A Torch of Peace has been lit to mark the 16 Days of Activism for No Violence against Women and Children Campaign, which will kick off on 25 November.
The torch was lit at the Union Buildings on Tuesday, by the Deputy Minister for Provincial and Local Government, Nomatyala Hangana.
Lighting the torch, which symbolises the fight to end violence against women and children, the deputy minister said a lot of ground work has been laid in preparing the country for the daunting fight against violence.
She said societal awareness about problems such as child abuse; domestic violence as well as violence against women in general have increased considerably.
According to a study done by the Government Communications and Information System (GCIS) last year, found that about 33 percent of South Africans were aware of the 16 Days Campaign compared to the 16 percent in 2003.
Since 1999 there has also been incredible growth in partnership between the government and private sector with all parties throwing their weight behind the 16 Days of Activism Campaign.
"This has had a number of positive consequences such as that the joint effort enabled us to raise some of the required funds for a number of non-governmental and community based organisations dealing with victims of gender violence and child abuse."
The 16 Days Campaign was launched in 1999 as part of government efforts to rally citizens against the high levels of violence directed at women and children, which has been prevalent in the communities.

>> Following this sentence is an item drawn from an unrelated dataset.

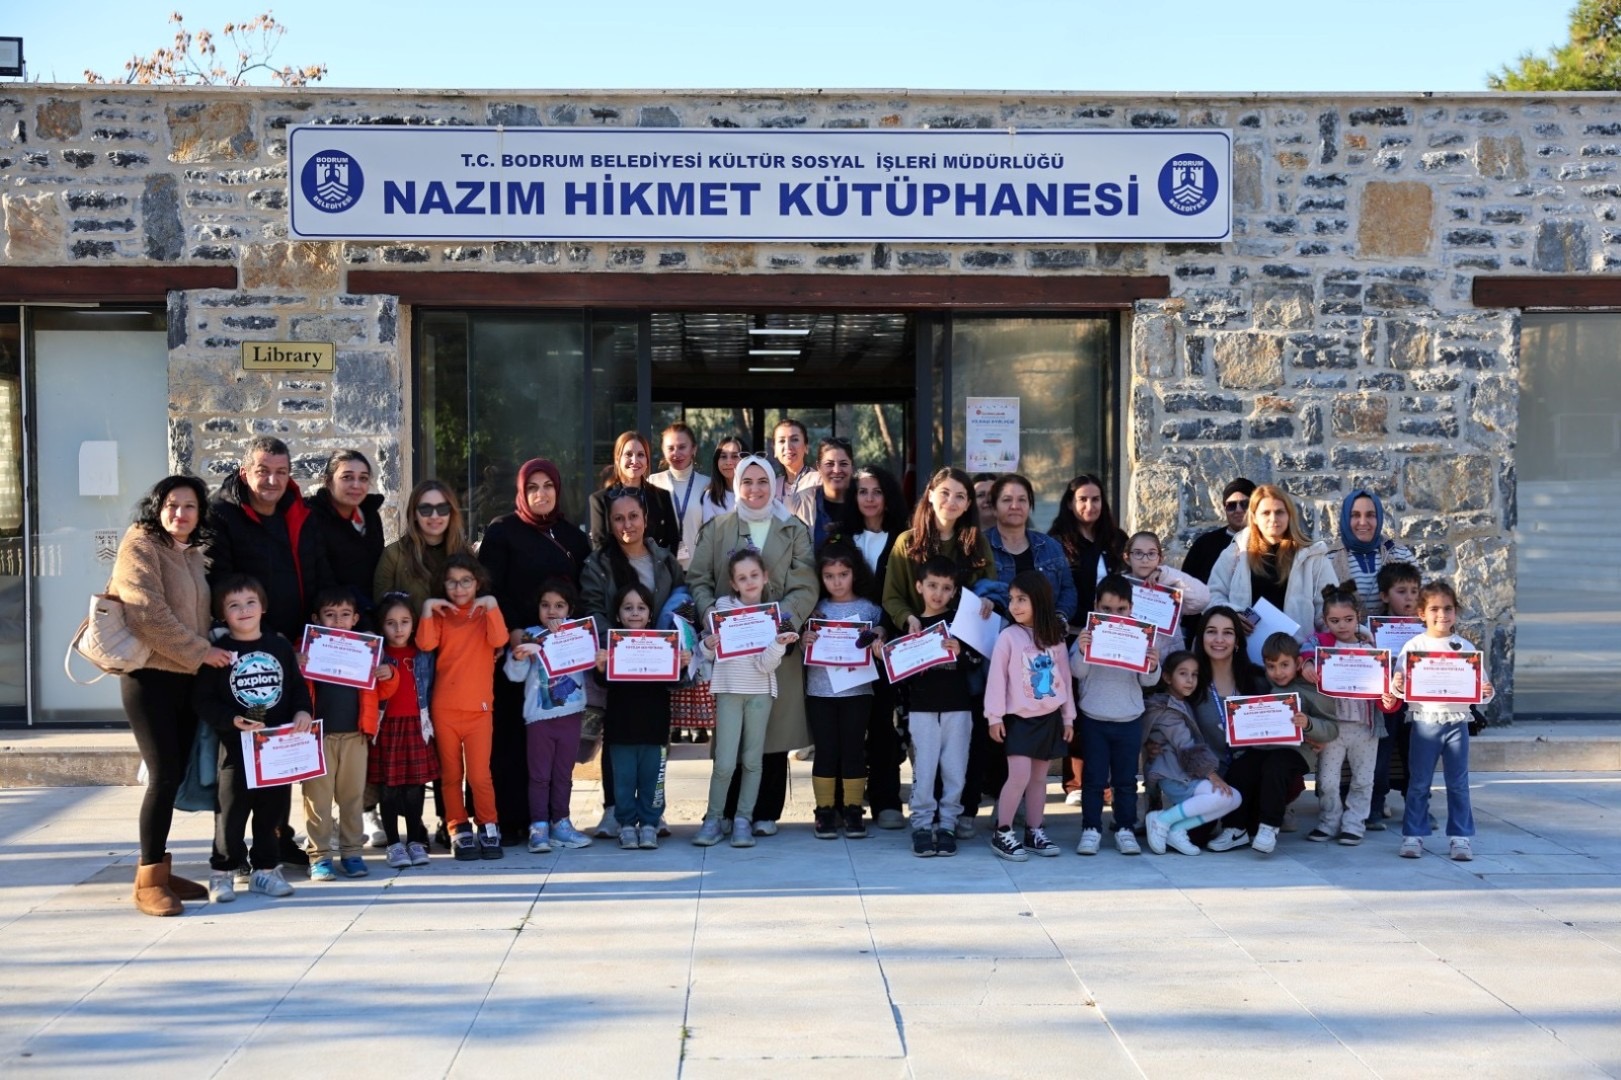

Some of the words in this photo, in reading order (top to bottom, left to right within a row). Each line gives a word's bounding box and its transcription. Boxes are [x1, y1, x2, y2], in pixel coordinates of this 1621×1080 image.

Among the objectives of the campaign is to uphold the rights of citizens and restore the dignity of the most vulnerable members of society.
The major goal of the campaign aims to raise awareness of the challenges posed by societal attitudes and practices that continue to perpetuate gender based violence and child abuse.
This year's campaign is themed "Don't Look Away, Act Against Abuse".
She said evidence showed that the abuse of alcohol and drugs contributed towards the high levels of women and child abuse as well as the spread of HIV and AIDS.
"This is the most difficult part of the campaign because it requires the change of heart as well as their behaviour, it is something that cannot be dealt with in terms of policy formulation or by simple enacting laws.
"This is also the message that we have been carrying out to people everywhere we go and it is the same message that we have also been conveying to the people on the farms as part of the farm workers programme that we have undertaken in the last two years," Ms Hangana said.
Among the achievements of the 16 Days Campaign since its inception was getting more men to support the fight against violence directed at woman and children, which culminated in the Million Men March held from various provinces with the main event held in Bloemfontein in November last year.
Ms Hangana acknowledged the support from business and contributions made by the private sector towards the 16 Days Campaign.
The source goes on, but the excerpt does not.